La Cofradía de la Pasión y Muerte de Nuestro Señor Jesucristo, popularmente conocida como «del Cristo de la Cama», celebró su fiesta anual de mayordomía el pasado fin de semana. Los actos se desarrollaron como se viene haciendo desde hace siglos y en el día señalado para ello, el domingo anterior al Domingo de Ramos, el conocido como Domingo de Lázaro.
El acto central de esta fiesta consistió en una Eucaristía, en el templo parroquial San Miguel Arcangel, presidida por el párroco, Lauren Sevillano, y en la que han participado representantes de las ocho cofradías peñarandinas y del Consejo Rector de la Hermandad. Los mayordomos, con sus varas, participaron en la Misa, ocupando un lugar destacado en el templo. La urna con el Cristo yacente, que durante todo el año reposa en la capilla de San Antonio, es colocada en el centro del ábside, delante del altar. Durante los días previos se ha sucedio todo un ceremonial de símbolos y gestos piadoso.

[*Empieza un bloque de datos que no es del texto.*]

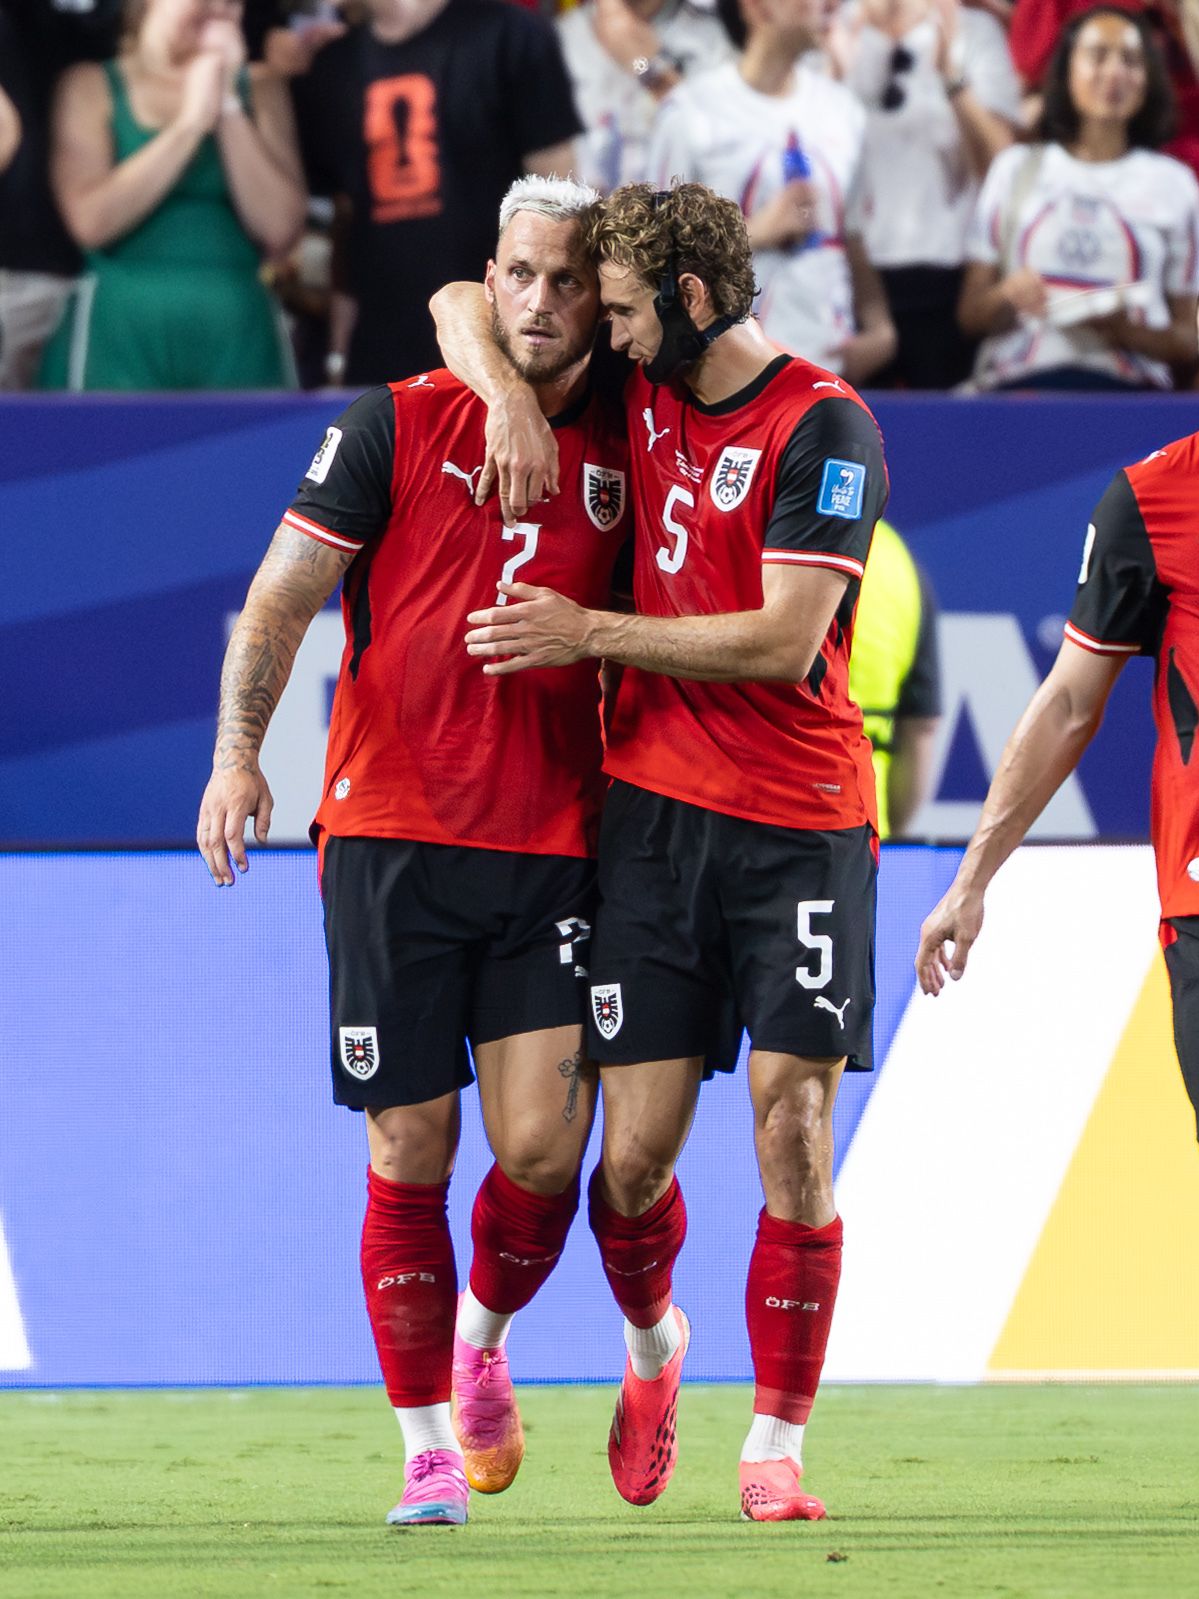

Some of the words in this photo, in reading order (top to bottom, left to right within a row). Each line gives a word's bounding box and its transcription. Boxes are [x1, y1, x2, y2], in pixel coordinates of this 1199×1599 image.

La víspera, a las cuatro en punto la tarde, se procedió al cambio de ropajes a la imagen. Así quedó ya preparada para el desfile procesional del Viernes Santo. Ese momento fue aprovechado por numerosos fieles para introducir en la urna de cristal todo tipo de prendas personales, a manera de exvotos, confiando en que «milagrosamente» reciban la gracia del Cristo. Los peñarandinos también esperan que el Cristo prevenga de enfermedades a quienes lleven esas prendas, que les ayude a superar dificultades, en fin, se pide su mediación sobrenatural y prodigiosa, extraordinaria y maravillosa, por intercesión divina. Son sobrecogedoras algunas escenas que se producen, mezcla de devoción y religiosidad popular.tras el rezo de los cofrades ante la imagen del Cristo.
Luego, precedido del correspondiente lanzamiento de cohetes, tuvo lugar el primer refresco ofrecido por las mayordomas, las Hermanas De Castro Gil (Mercedes y Rocío) a base de bizcochos, bollo maimón y naranjas, acompañado de limonada yclarea, según la tradición. Atender a la imagen a lo largo del año y cuidar sus ornamentos, son otras de las obligaciones de los mayordomos de año. Los cofrades residentes en la ciudad tiene obligación de acudir a los actos de la mayordomía. Se trata de una costumbre ancestral, de las más arraigadas que se conservan en Peñaranda. Se rememora siguiendo al pie de la letra las instrucciones del Libro Maestro de la cofradía, que data de 1758, detalle que atestigua su antigüedad.
A la imagen se atribuyen intercesiones «milagrosas», como la ocurrida con un escuadrón de soldados franceses derrotados en Arapiles. Arrasaron con todo en su huida, pero los caballos se «arrodillaron» frente al Cristo y los gabachos no profanaron su recinto sagrado. Sucedió en la ya desaparecida ermita de San Lázaro y se conserva como recuerdo -en perfecto estado- la colcha enviada como presente desde Francia a Peñaranda, meses después, y que hoy día cubre al Cristo en su Santo Sepulcro, en ocasiones excepcionales.
El Cristo de la Cama es una bella imagen realizada en madera policromada. Tiene las manos y los pies horadados, y los brazos articulados, demostración de que antiguamente se escenificaba el con ella el Descendimiento durante alguna procesión.